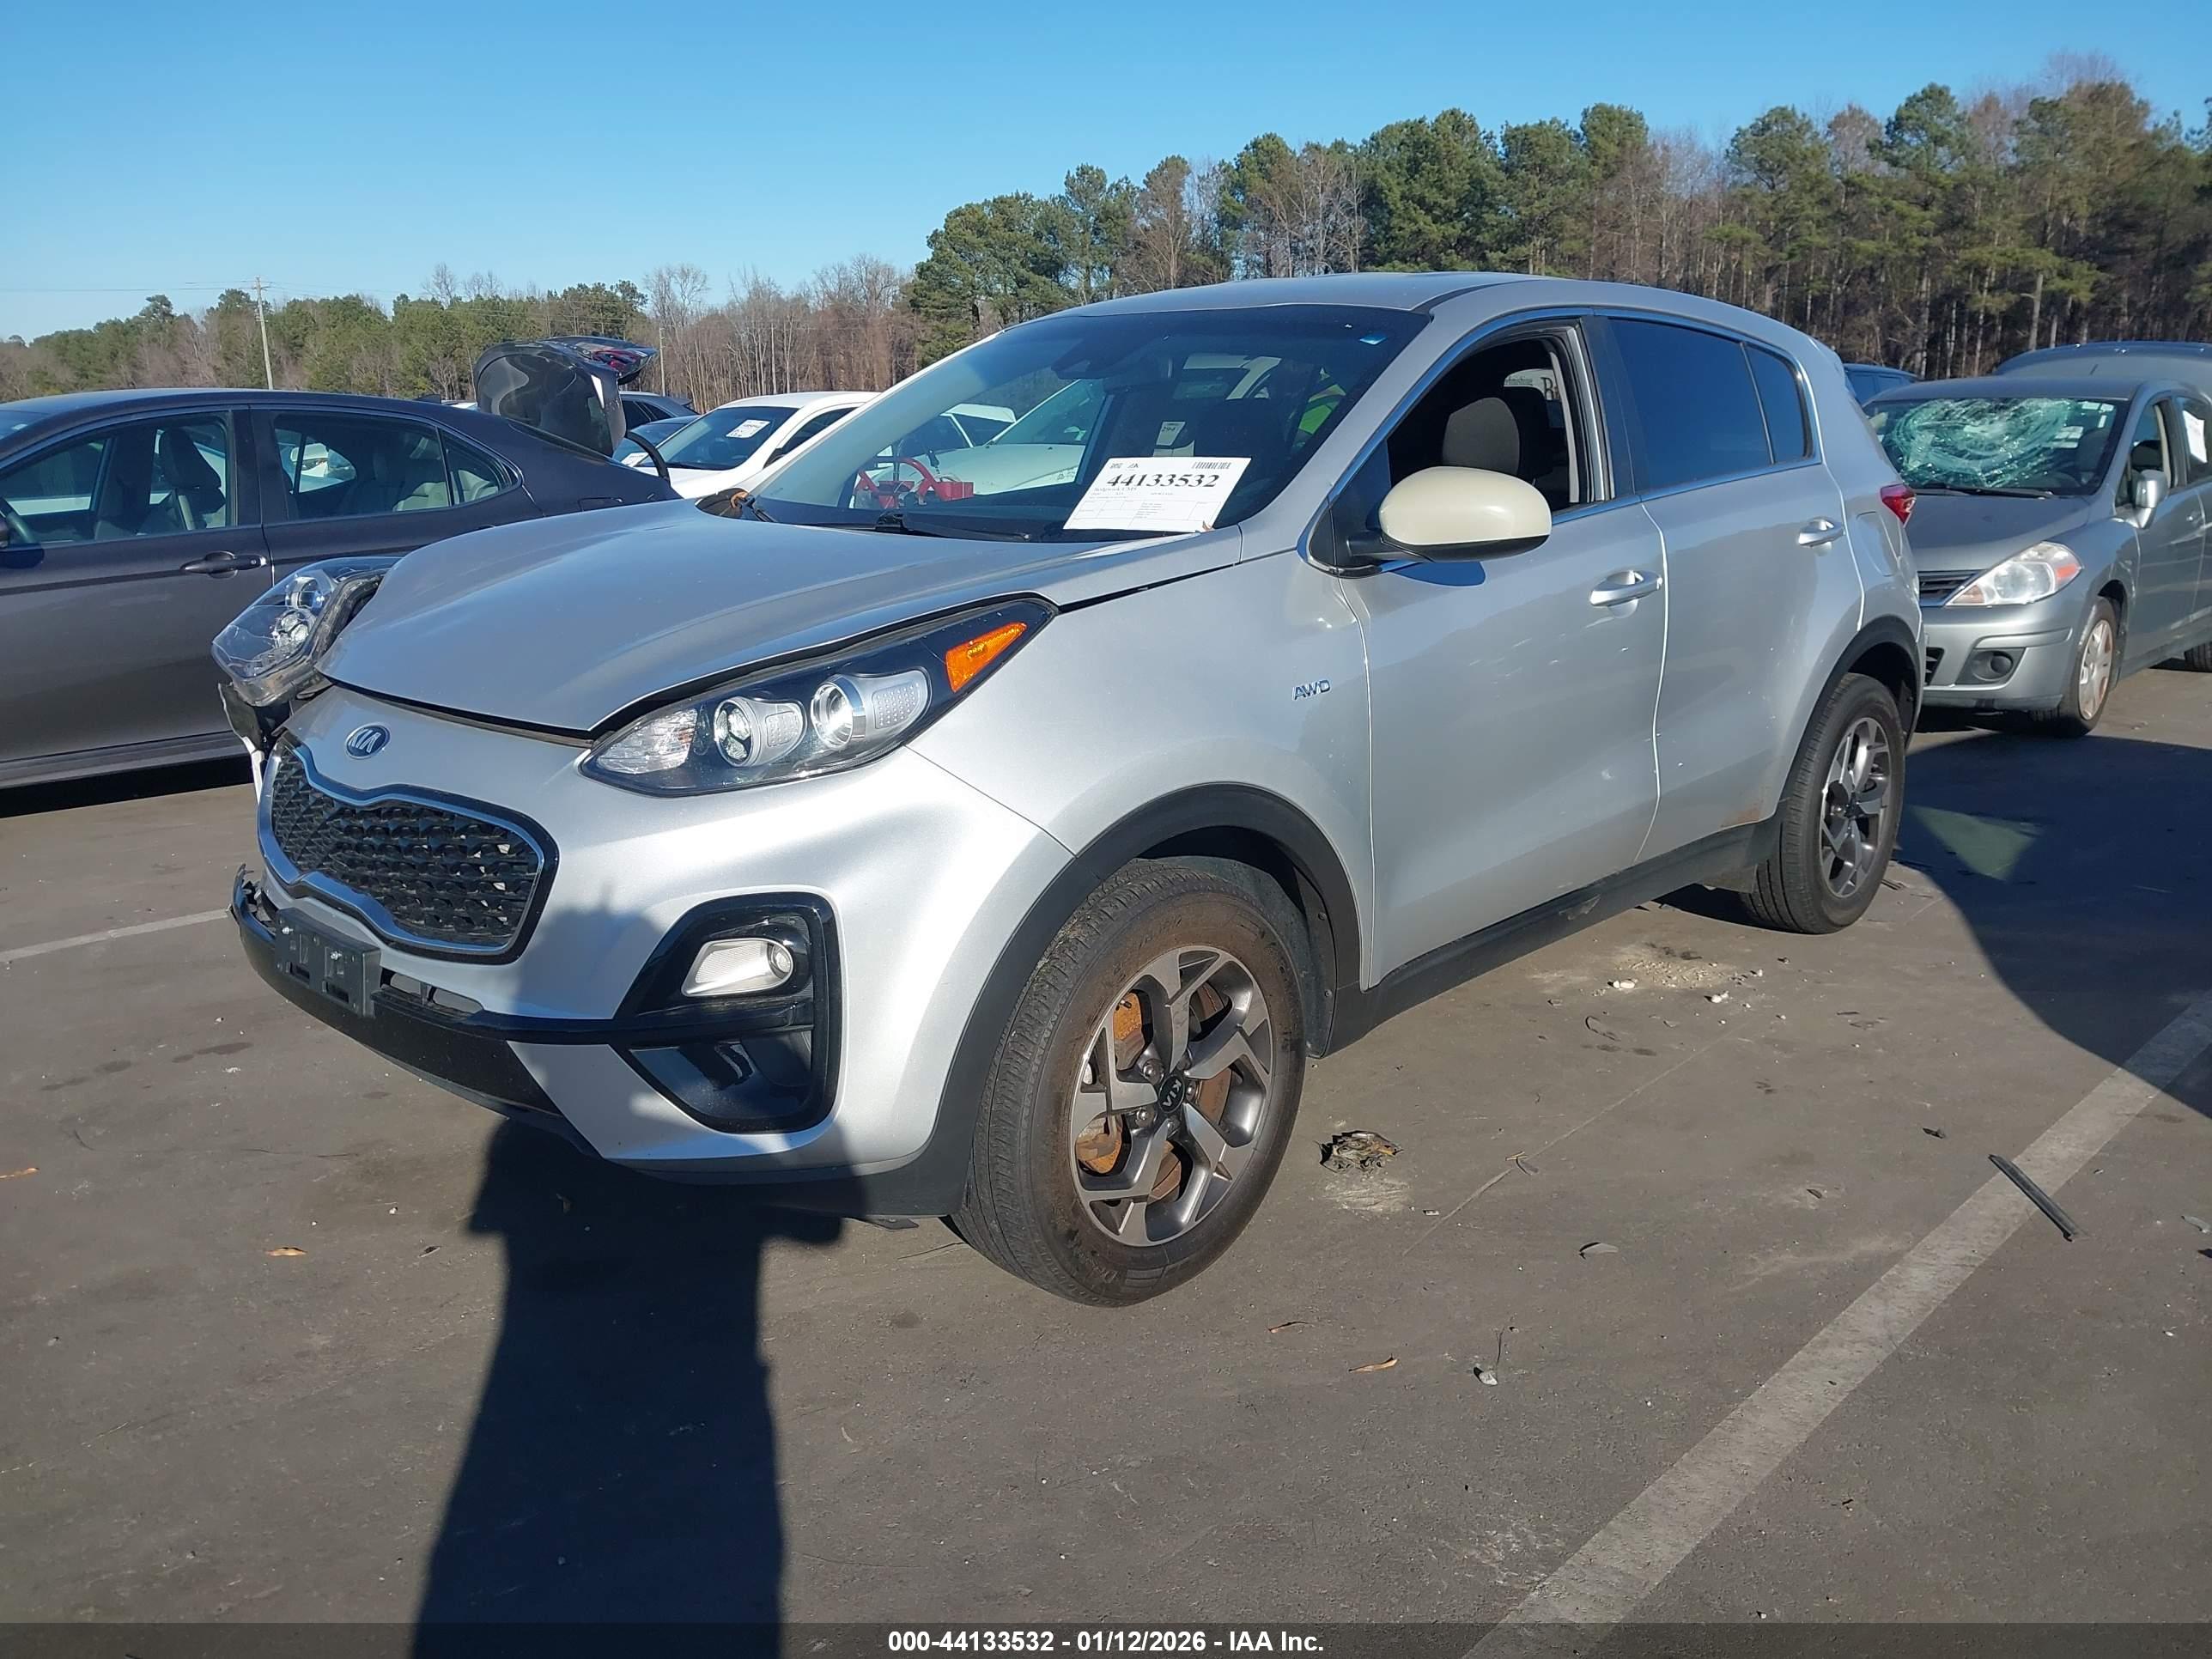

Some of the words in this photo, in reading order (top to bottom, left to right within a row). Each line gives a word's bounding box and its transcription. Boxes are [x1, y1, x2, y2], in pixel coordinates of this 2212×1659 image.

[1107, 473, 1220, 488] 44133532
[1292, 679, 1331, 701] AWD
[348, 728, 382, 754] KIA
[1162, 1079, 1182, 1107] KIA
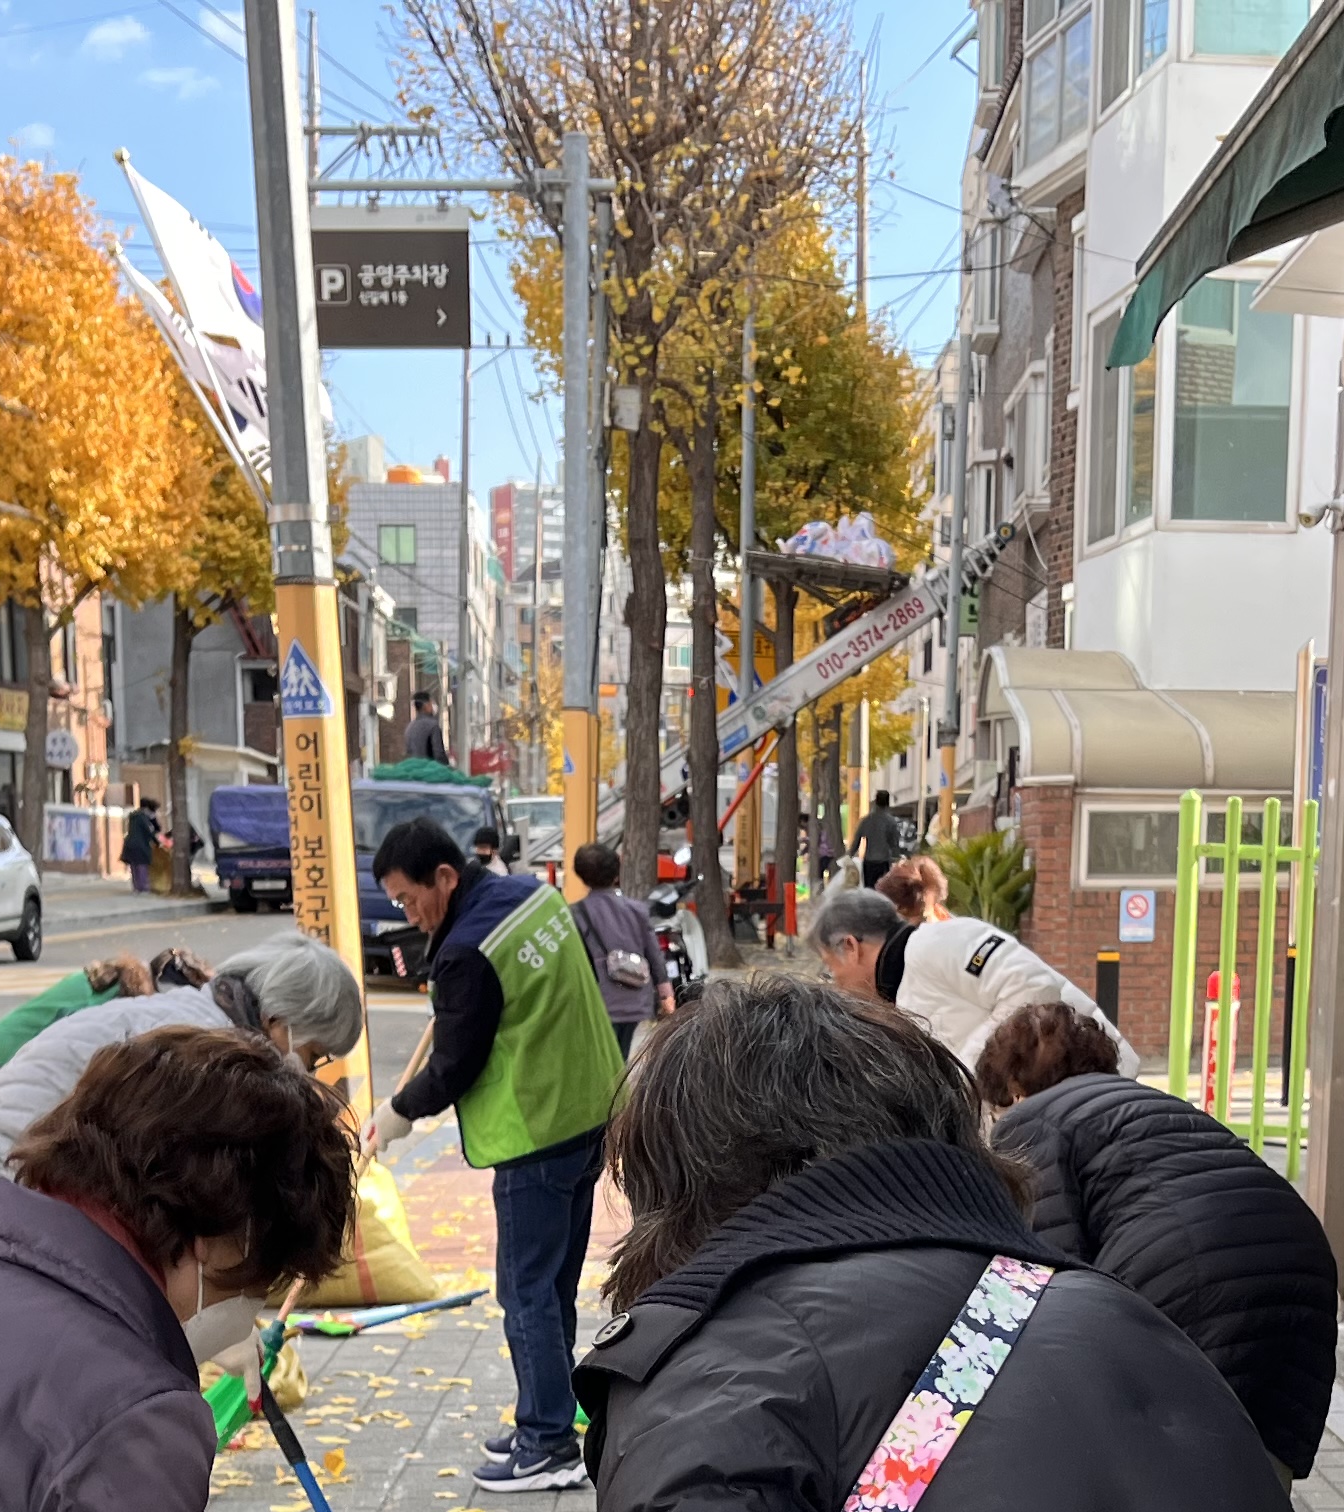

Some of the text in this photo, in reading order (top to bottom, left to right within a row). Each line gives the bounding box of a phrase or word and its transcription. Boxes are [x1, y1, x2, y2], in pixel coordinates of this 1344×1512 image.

**Problem description:**
Write the material out again exactly. Do not include the pictures.

**Completed exercise:**
Some of the words in this photo, in reading order (top to bottom, left to right within a row). Each line gives a word's bounding box and its transcription. Boxes are [x1, y1, x2, y2], in pixel coordinates of this 2212×1659 image.

[1107, 473, 1220, 488] 44133532
[1292, 679, 1331, 701] AWD
[348, 728, 382, 754] KIA
[1162, 1079, 1182, 1107] KIA

Some of the text in this photo, in reading order (top to bottom, left to right within a row). Each line gives the bounding box of a phrase or word and its transcription. Boxes are [x1, y1, x2, y2], in pixel coordinates of this 1344×1512 image.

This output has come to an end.